EXERCISE DETAILS
Your output should reproduce each entry exactly, with none of its pictures.

· · ·

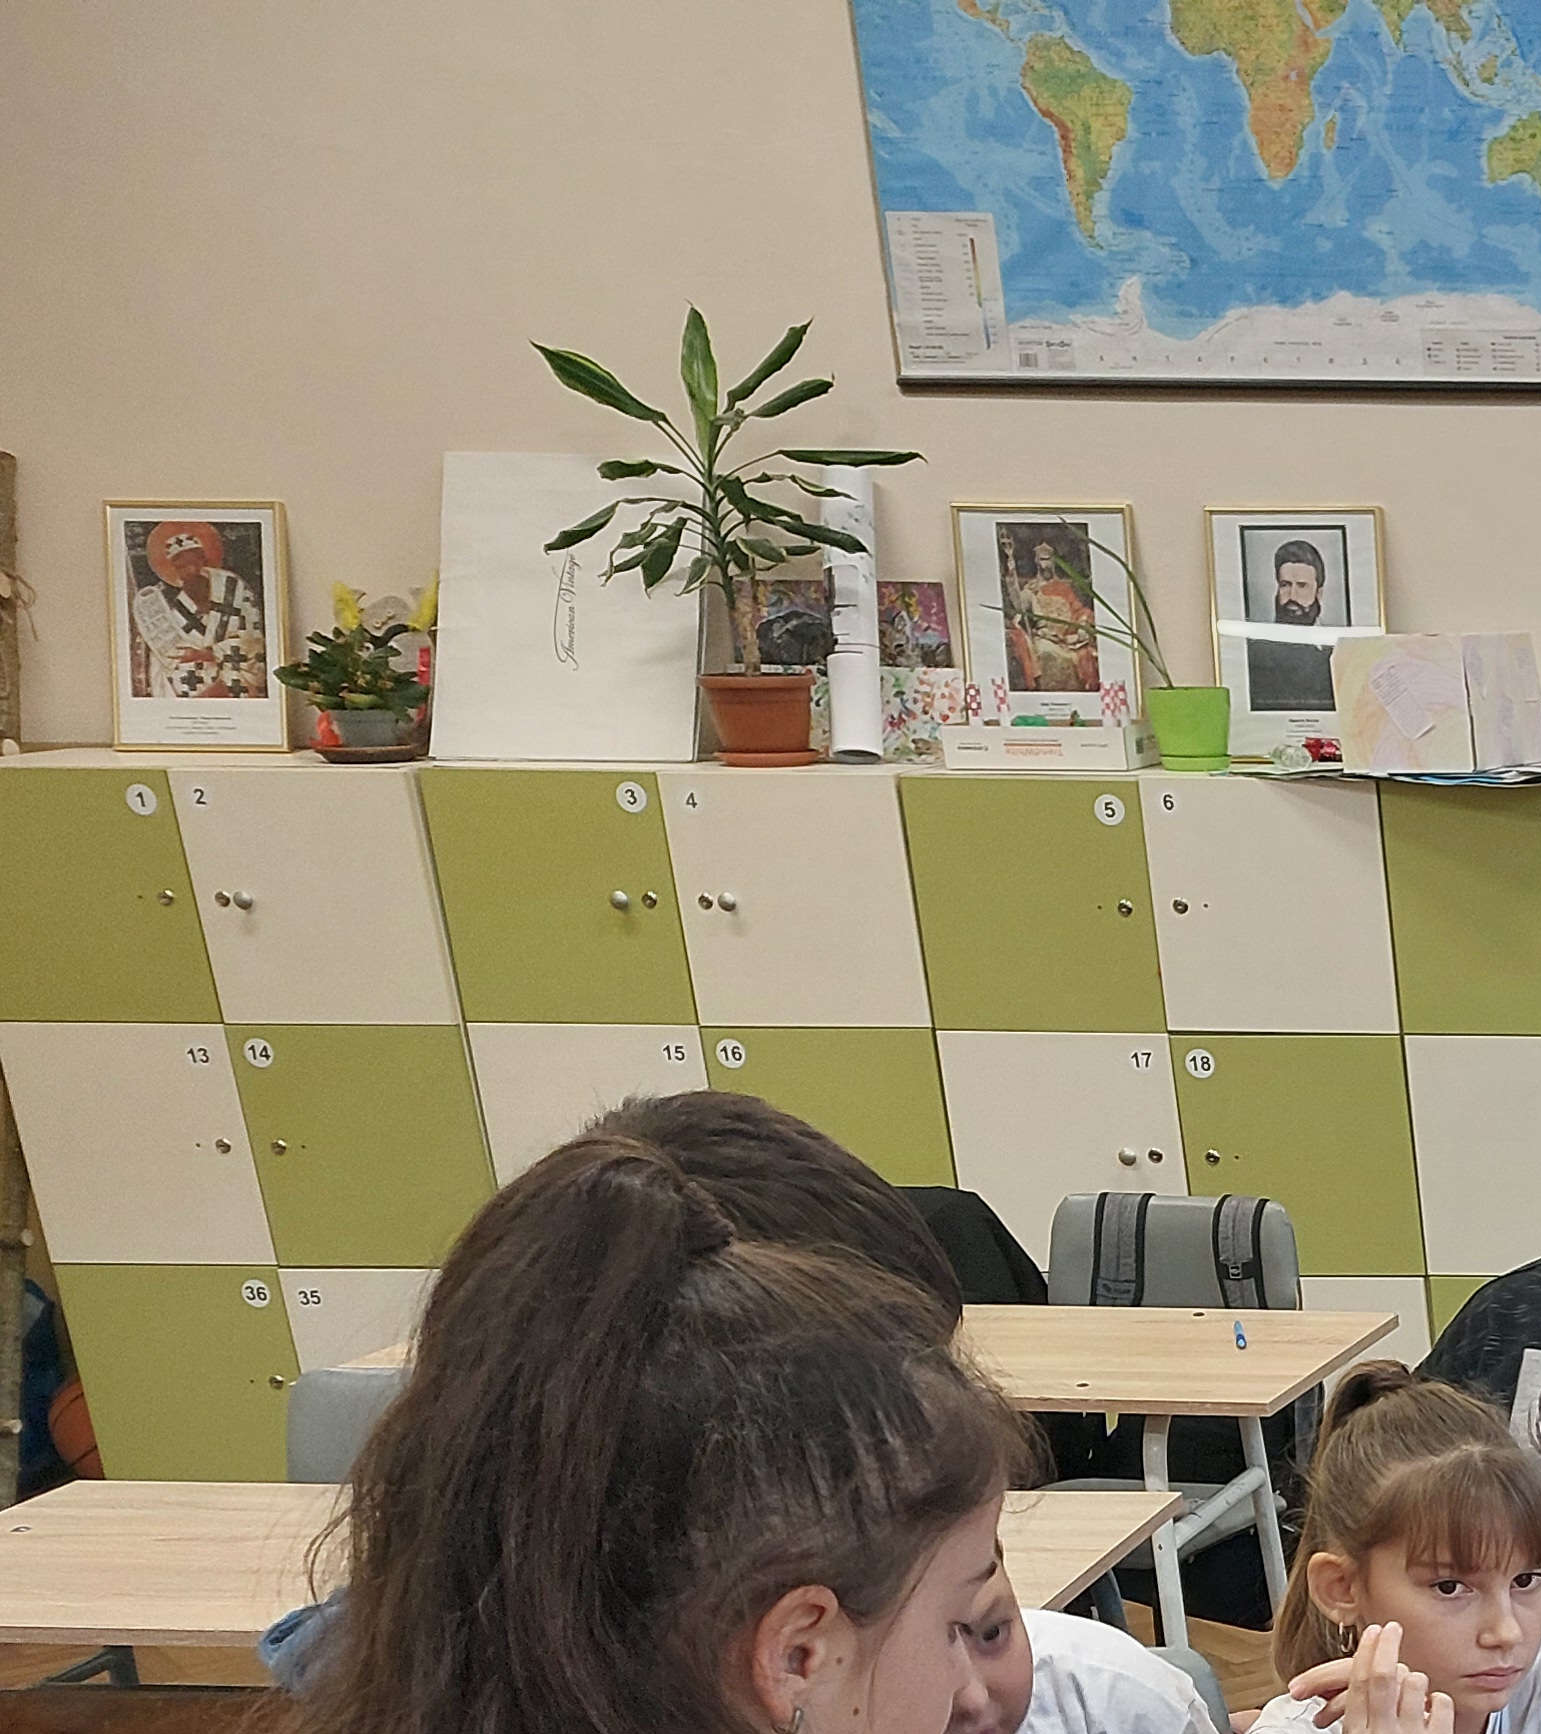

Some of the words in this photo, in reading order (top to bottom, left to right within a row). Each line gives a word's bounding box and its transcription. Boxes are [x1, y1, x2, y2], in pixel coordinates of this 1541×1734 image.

[136, 791, 146, 807] 1
[193, 788, 207, 805] 2
[624, 789, 637, 806] 3
[686, 792, 698, 808] 4
[1163, 794, 1174, 811] 6
[1104, 801, 1116, 818] 5
[187, 1047, 210, 1064] 13
[248, 1044, 271, 1061] 14
[663, 1045, 685, 1062] 15
[720, 1045, 743, 1062] 16
[1131, 1052, 1152, 1068] 17
[1189, 1055, 1211, 1072] 18
[244, 1285, 267, 1302] 36
[298, 1290, 321, 1306] 35
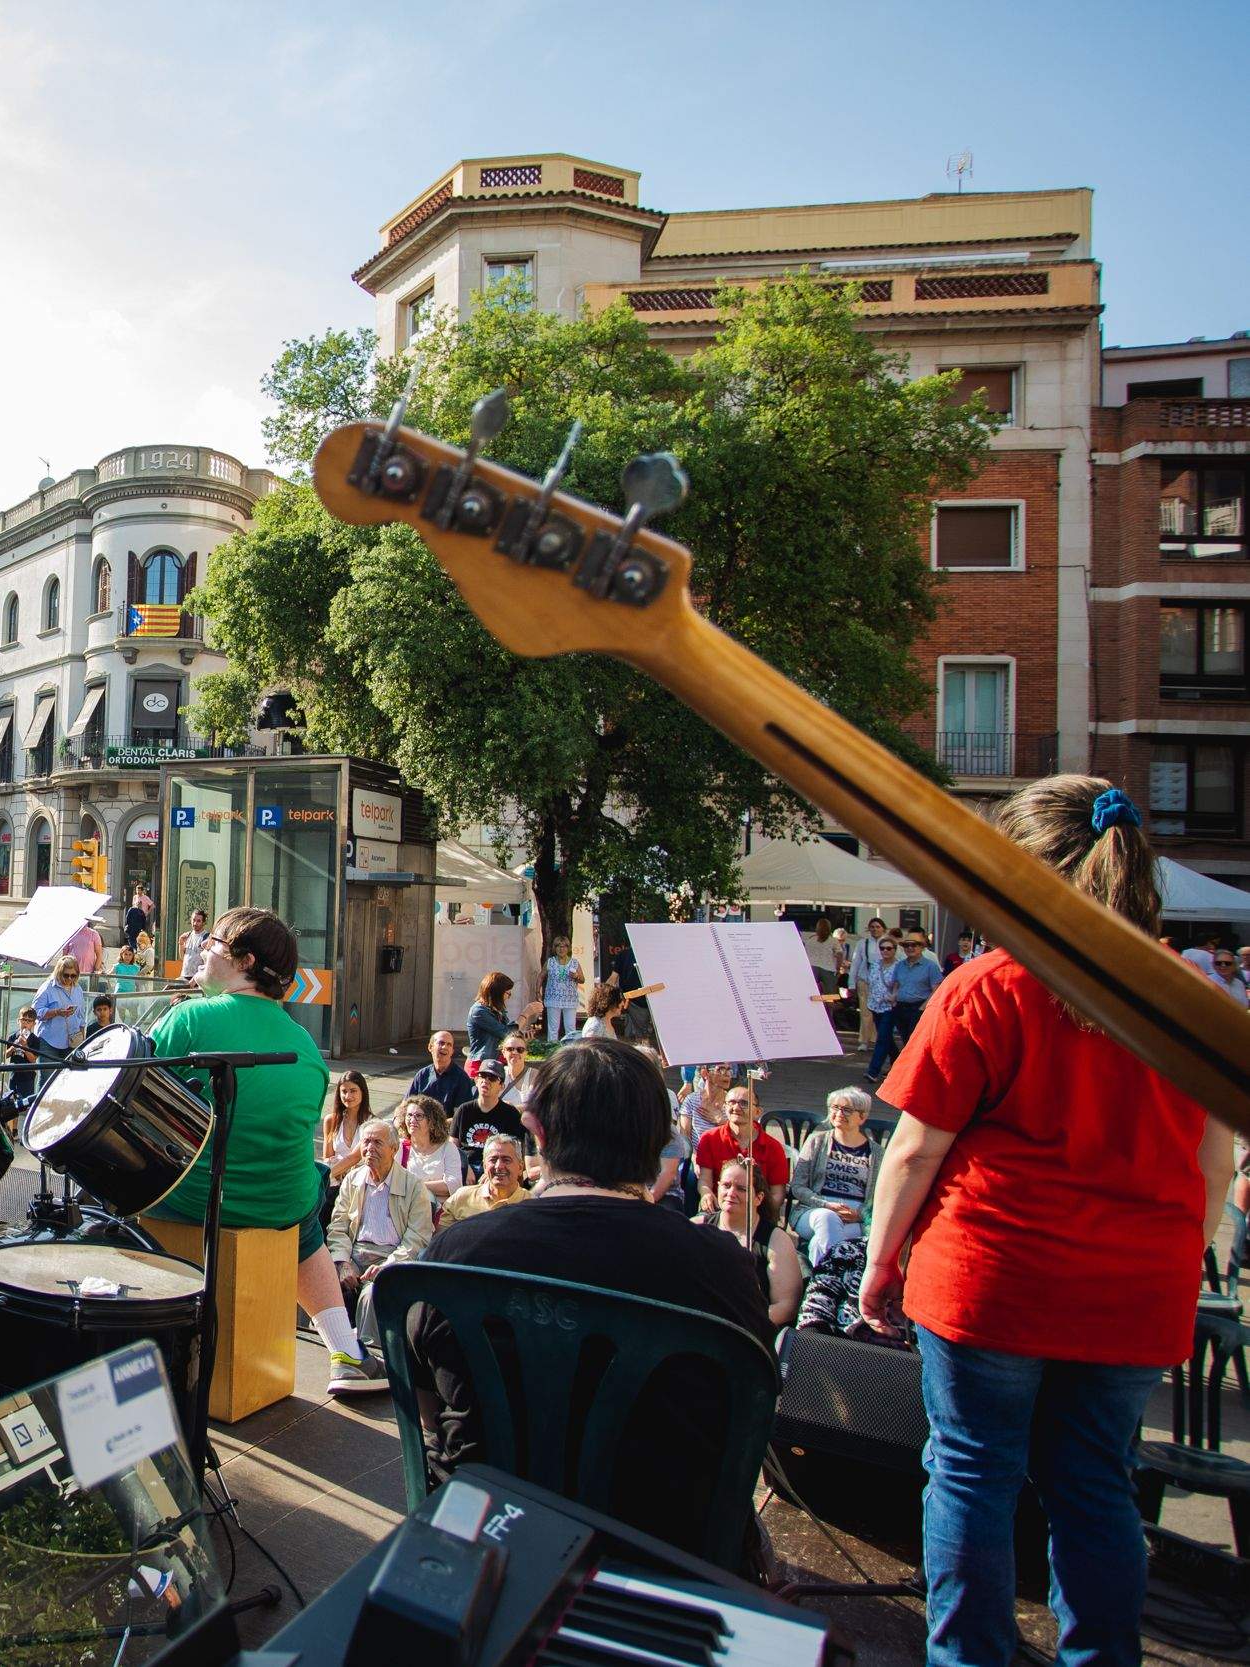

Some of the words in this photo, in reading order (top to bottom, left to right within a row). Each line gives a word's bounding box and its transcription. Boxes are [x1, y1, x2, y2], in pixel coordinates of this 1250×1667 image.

[140, 451, 194, 471] 1924
[118, 748, 156, 757] DENTAL
[158, 748, 196, 759] CLARIS
[201, 809, 243, 822] telpark
[262, 809, 272, 826] P
[288, 809, 335, 822] telpark
[360, 801, 395, 825] telpark
[482, 1503, 525, 1541] FP-4

· · ·

ANSWER AREA
Some of the words in this photo, in reading order (top to bottom, left to right within a row). Each line gives a word's bounding box and its transcription. Boxes are [x1, y1, x2, y2], in pixel coordinates of this 1541×1734 image.

[136, 791, 146, 807] 1
[193, 788, 207, 805] 2
[624, 789, 637, 806] 3
[686, 792, 698, 808] 4
[1163, 794, 1174, 811] 6
[1104, 801, 1116, 818] 5
[187, 1047, 210, 1064] 13
[248, 1044, 271, 1061] 14
[663, 1045, 685, 1062] 15
[720, 1045, 743, 1062] 16
[1131, 1052, 1152, 1068] 17
[1189, 1055, 1211, 1072] 18
[244, 1285, 267, 1302] 36
[298, 1290, 321, 1306] 35

Some of the words in this photo, in reading order (top to bottom, left to right within a row). Each line gives a word's bounding box and its transcription. Boxes are [x1, y1, x2, y2], in pixel coordinates of this 1250×1667 image.

[140, 451, 194, 471] 1924
[118, 748, 156, 757] DENTAL
[158, 748, 196, 759] CLARIS
[201, 809, 243, 822] telpark
[262, 809, 272, 826] P
[288, 809, 335, 822] telpark
[360, 801, 395, 825] telpark
[482, 1503, 525, 1541] FP-4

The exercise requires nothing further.